#### [PROBLEM DESCRIPTION]
Could you please retype all of the records exactly, skipping any pictures?

--- START ---

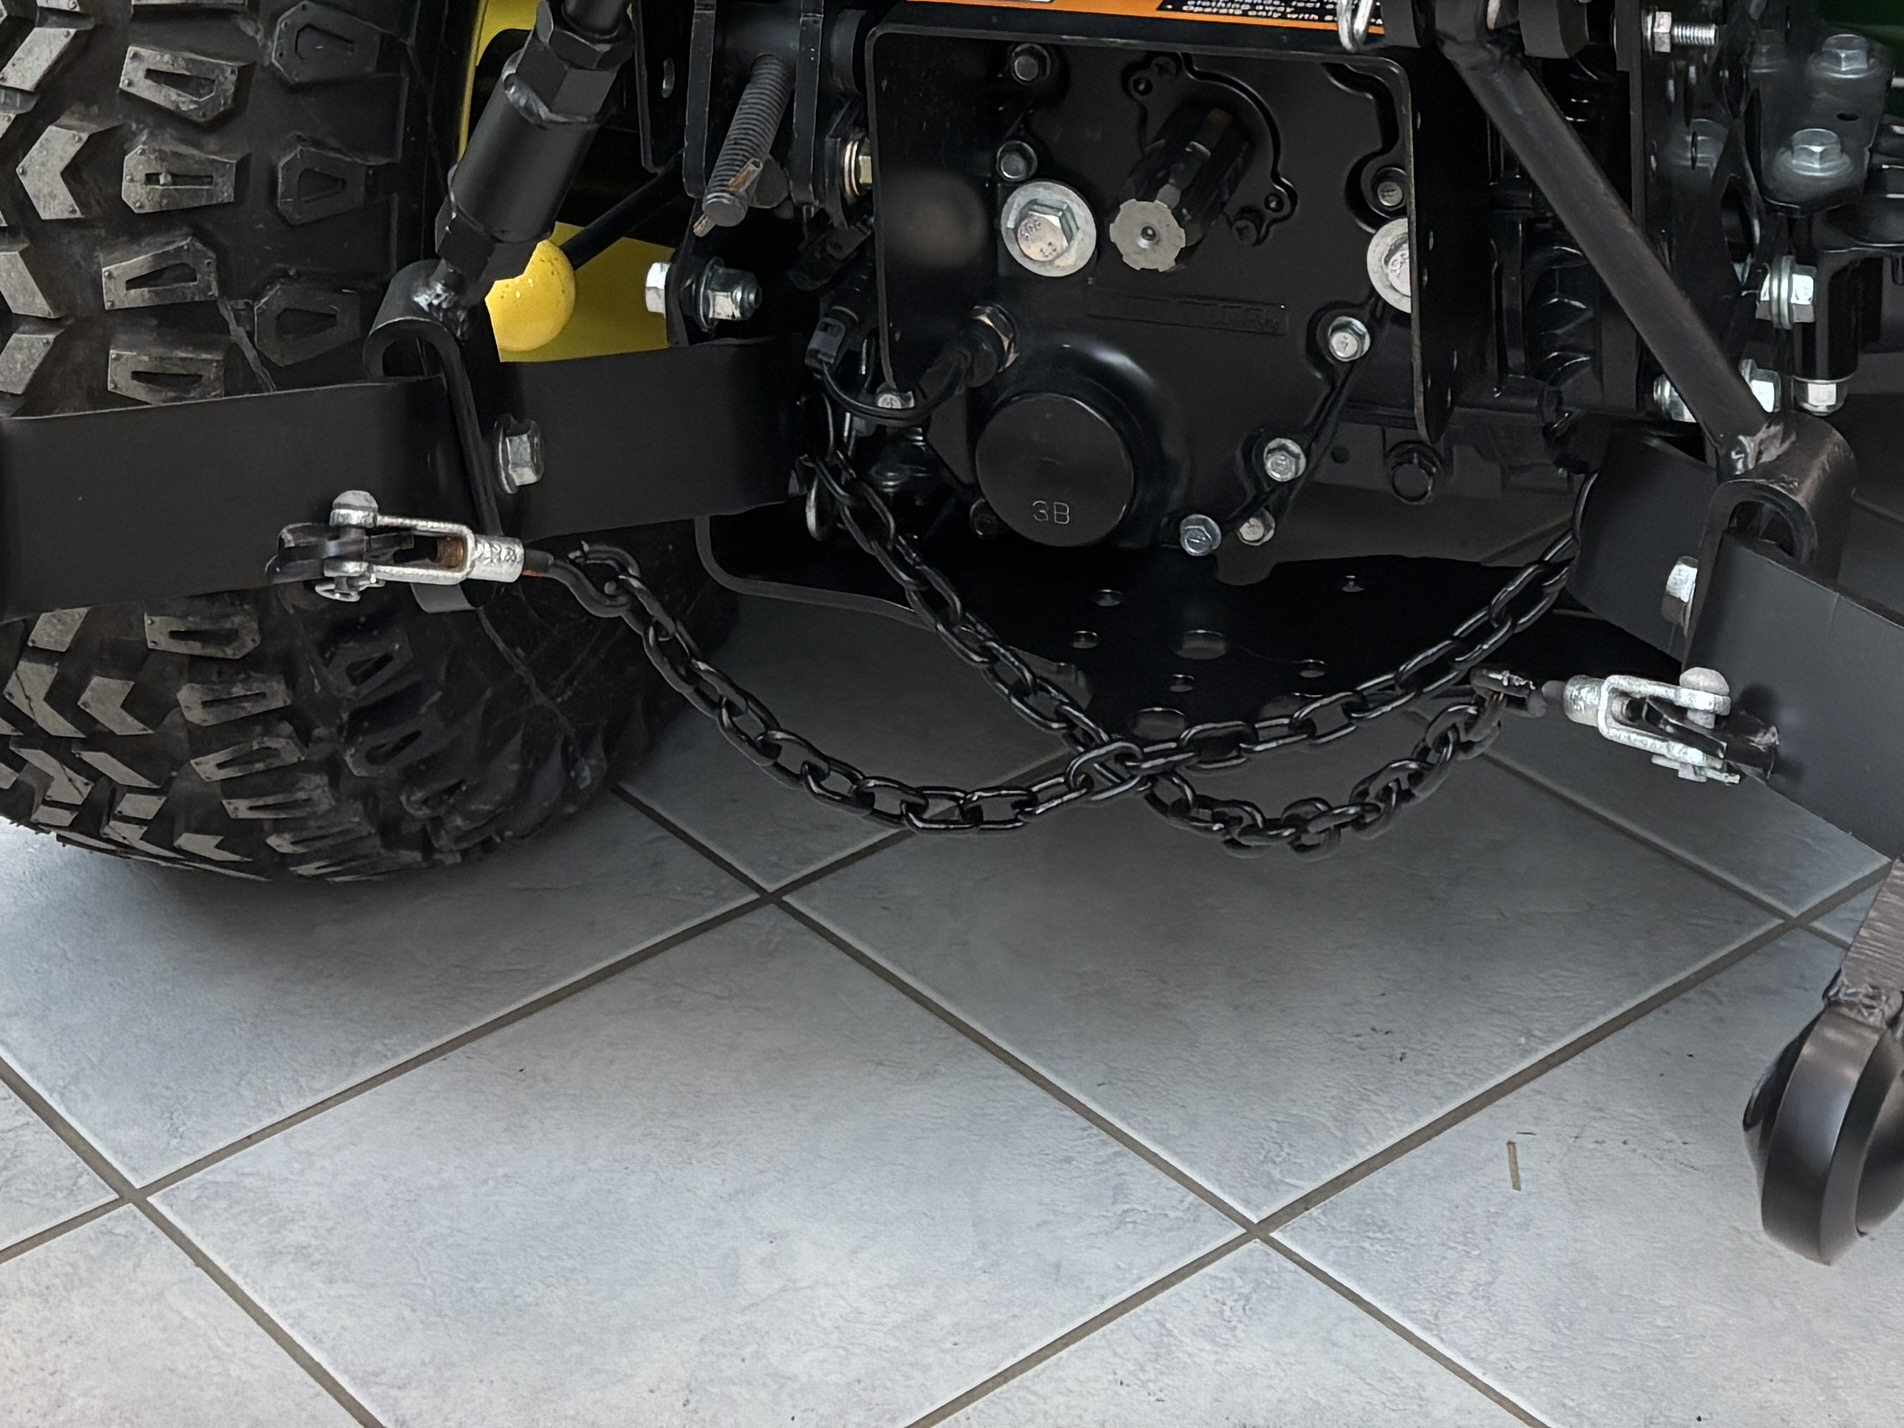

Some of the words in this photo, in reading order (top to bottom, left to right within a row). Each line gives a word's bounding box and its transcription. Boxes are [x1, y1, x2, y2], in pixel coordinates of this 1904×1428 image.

[1182, 5, 1243, 16] Operate
[1247, 10, 1282, 20] only
[1286, 13, 1319, 22] with
[1255, 5, 1296, 14] away
[1032, 498, 1071, 525] 3B
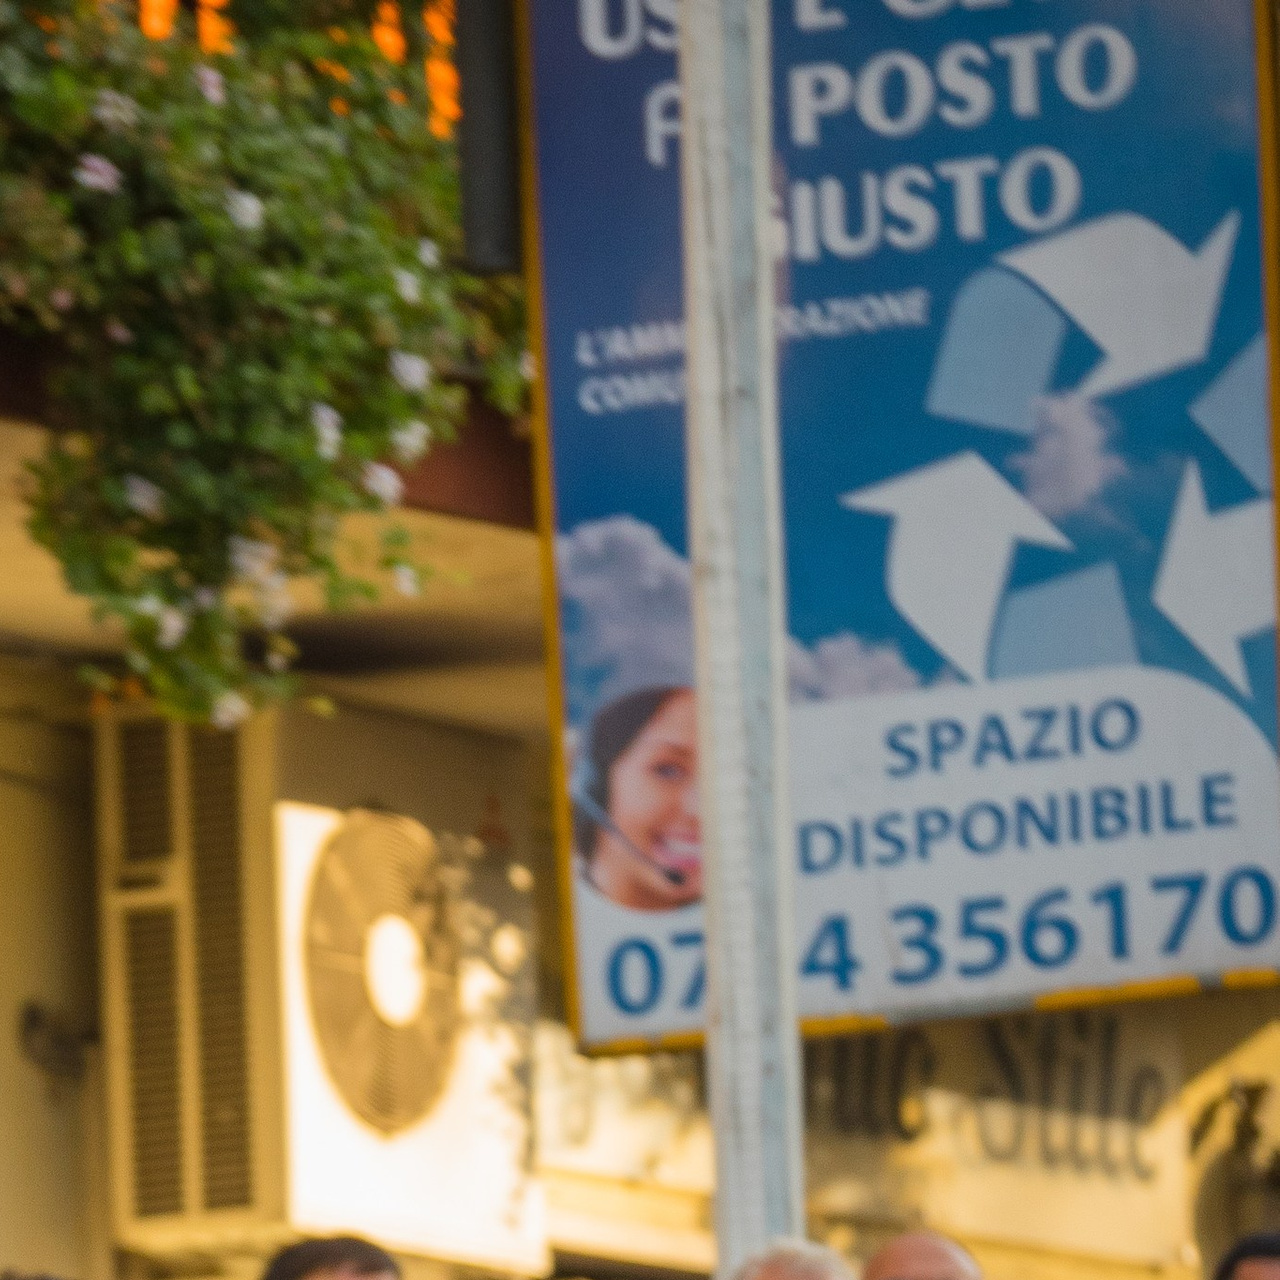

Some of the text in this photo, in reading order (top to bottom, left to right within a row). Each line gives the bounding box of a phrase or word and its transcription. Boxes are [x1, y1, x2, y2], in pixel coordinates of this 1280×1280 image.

[789, 23, 1138, 147] POSTO
[770, 148, 1083, 264] IUSTO
[883, 698, 1141, 778] SPAZIO
[797, 773, 1239, 876] DISPONIBILE
[606, 865, 1278, 1016] 074 356170
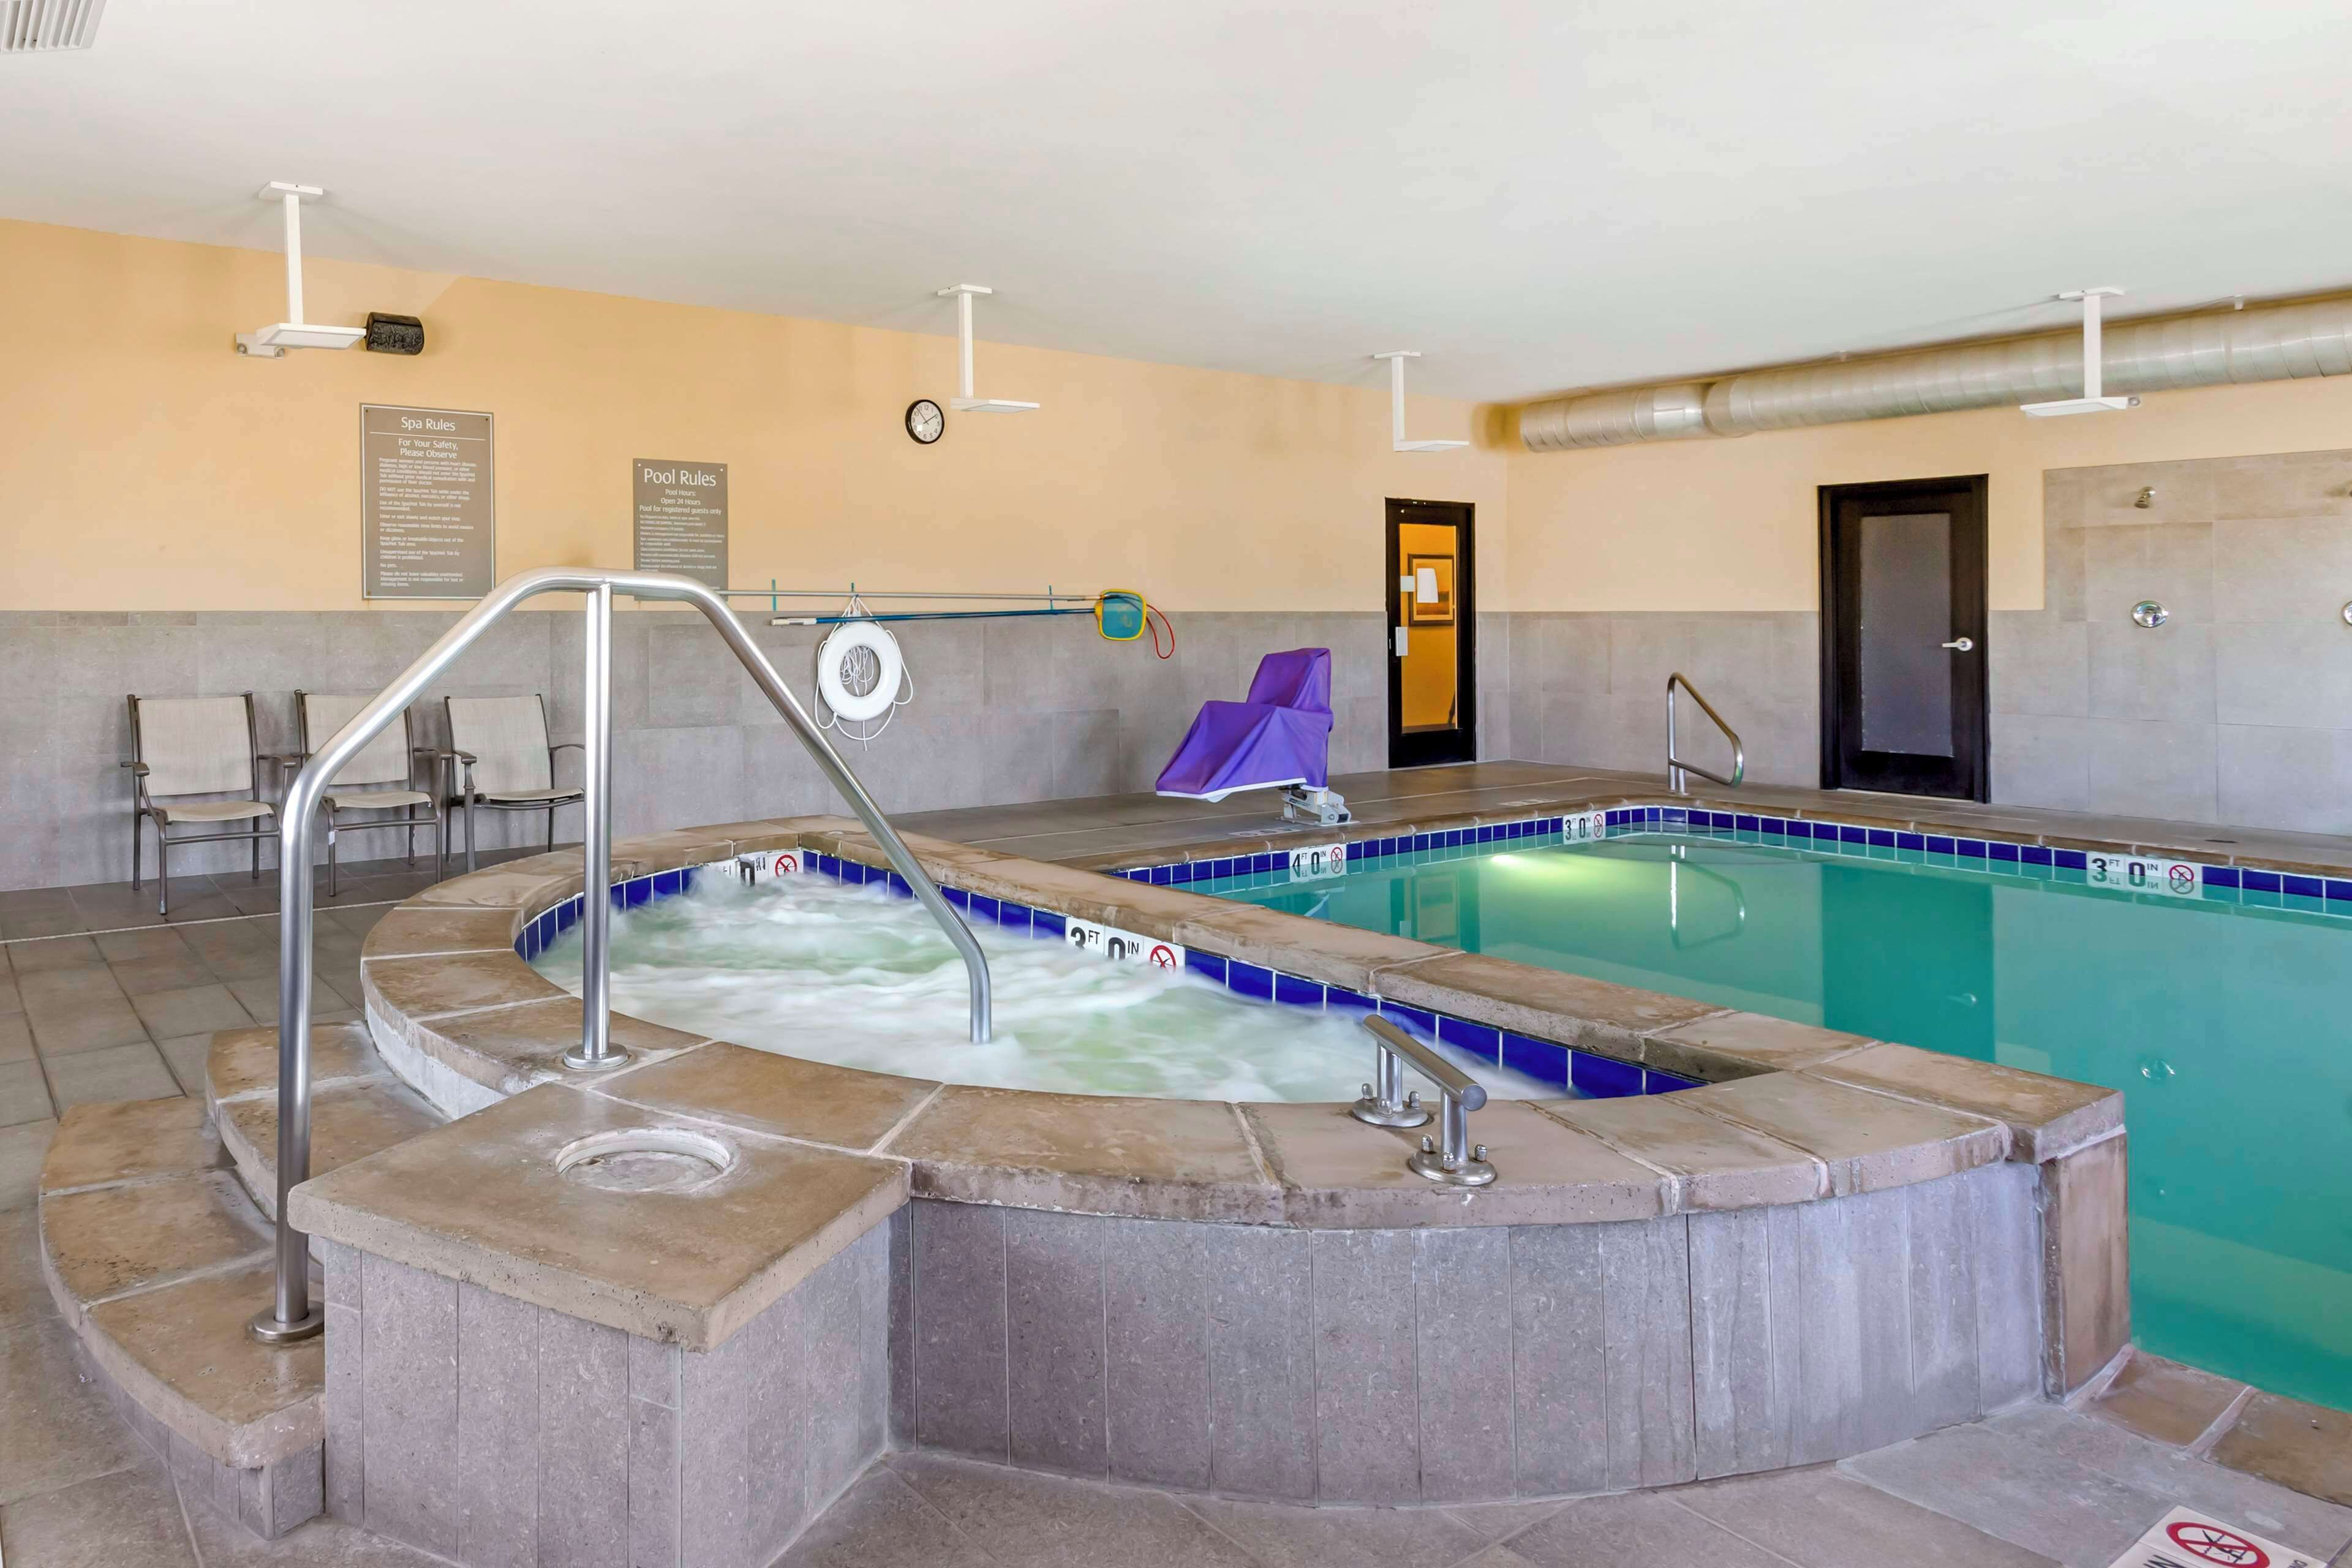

--- END ---

#### [ANSWER]
Some of the words in this photo, in reading order (top to bottom, left to right within a row). Each line gives a word's bounding box and its transcription. Boxes are [x1, y1, x2, y2], in pixel coordinates of this 1904×1428 image.

[1182, 5, 1243, 16] Operate
[1247, 10, 1282, 20] only
[1286, 13, 1319, 22] with
[1255, 5, 1296, 14] away
[1032, 498, 1071, 525] 3B

Some of the text in this photo, in reading order (top to bottom, left to right within a row). Each line gives the bounding box of a phrase or word and its transcription. Boxes are [x1, y1, x2, y2], in pixel coordinates of this 1280×1280 image.

[789, 23, 1138, 147] POSTO
[770, 148, 1083, 264] IUSTO
[883, 698, 1141, 778] SPAZIO
[797, 773, 1239, 876] DISPONIBILE
[606, 865, 1278, 1016] 074 356170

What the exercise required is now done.